Copy out the data that comes next, character for character, and leave the images aside.

-- Materials provided follows --

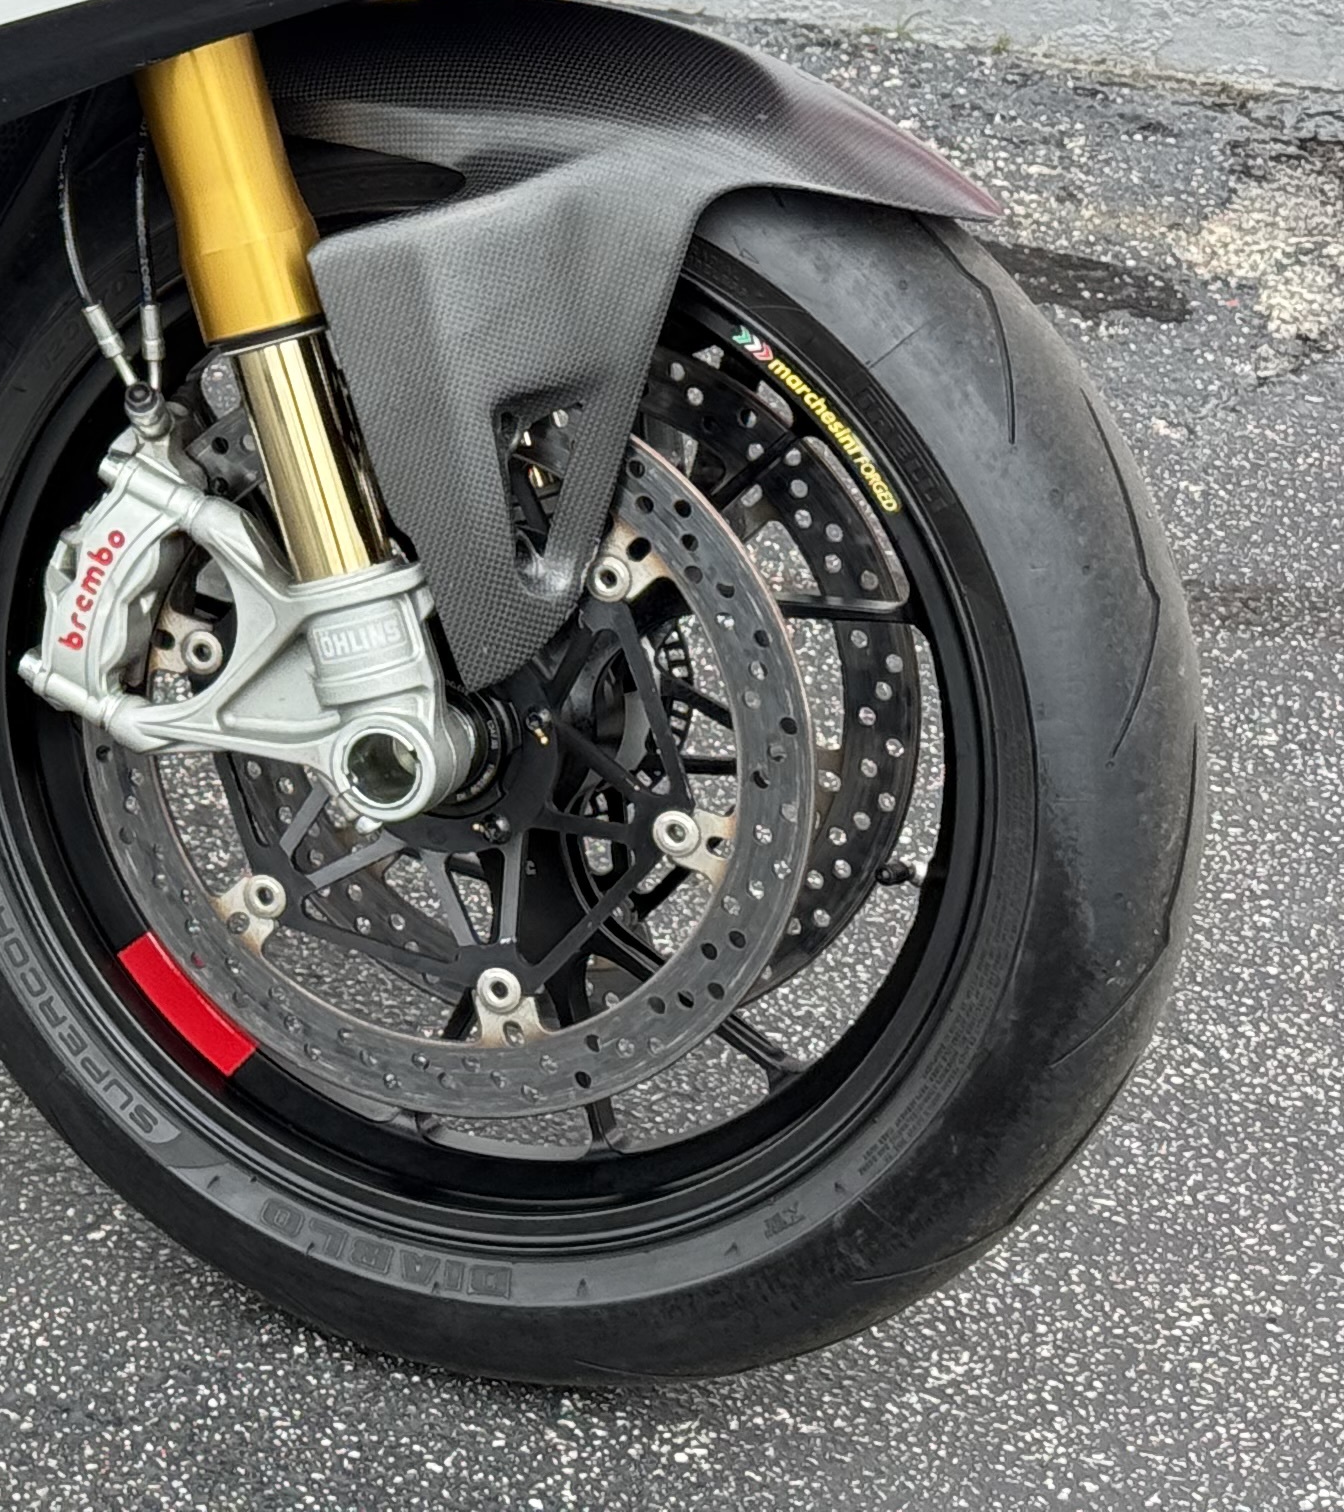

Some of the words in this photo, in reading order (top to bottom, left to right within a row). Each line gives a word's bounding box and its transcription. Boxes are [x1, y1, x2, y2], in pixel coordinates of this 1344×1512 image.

[767, 358, 861, 458] marchesini
[853, 453, 901, 513] FORGED
[58, 530, 126, 651] brembo
[319, 618, 403, 659] ÖHLINS
[261, 1197, 513, 1300] DIABLO

-- Materials provided concluded --

Solution to this task:
Some of the words in this photo, in reading order (top to bottom, left to right within a row). Each line gives a word's bounding box and its transcription. Boxes are [x1, y1, x2, y2], in pixel coordinates of this 1344×1512 image.

[767, 358, 861, 458] marchesini
[853, 453, 901, 513] FORGED
[58, 530, 126, 651] brembo
[319, 618, 403, 659] ÖHLINS
[261, 1197, 513, 1300] DIABLO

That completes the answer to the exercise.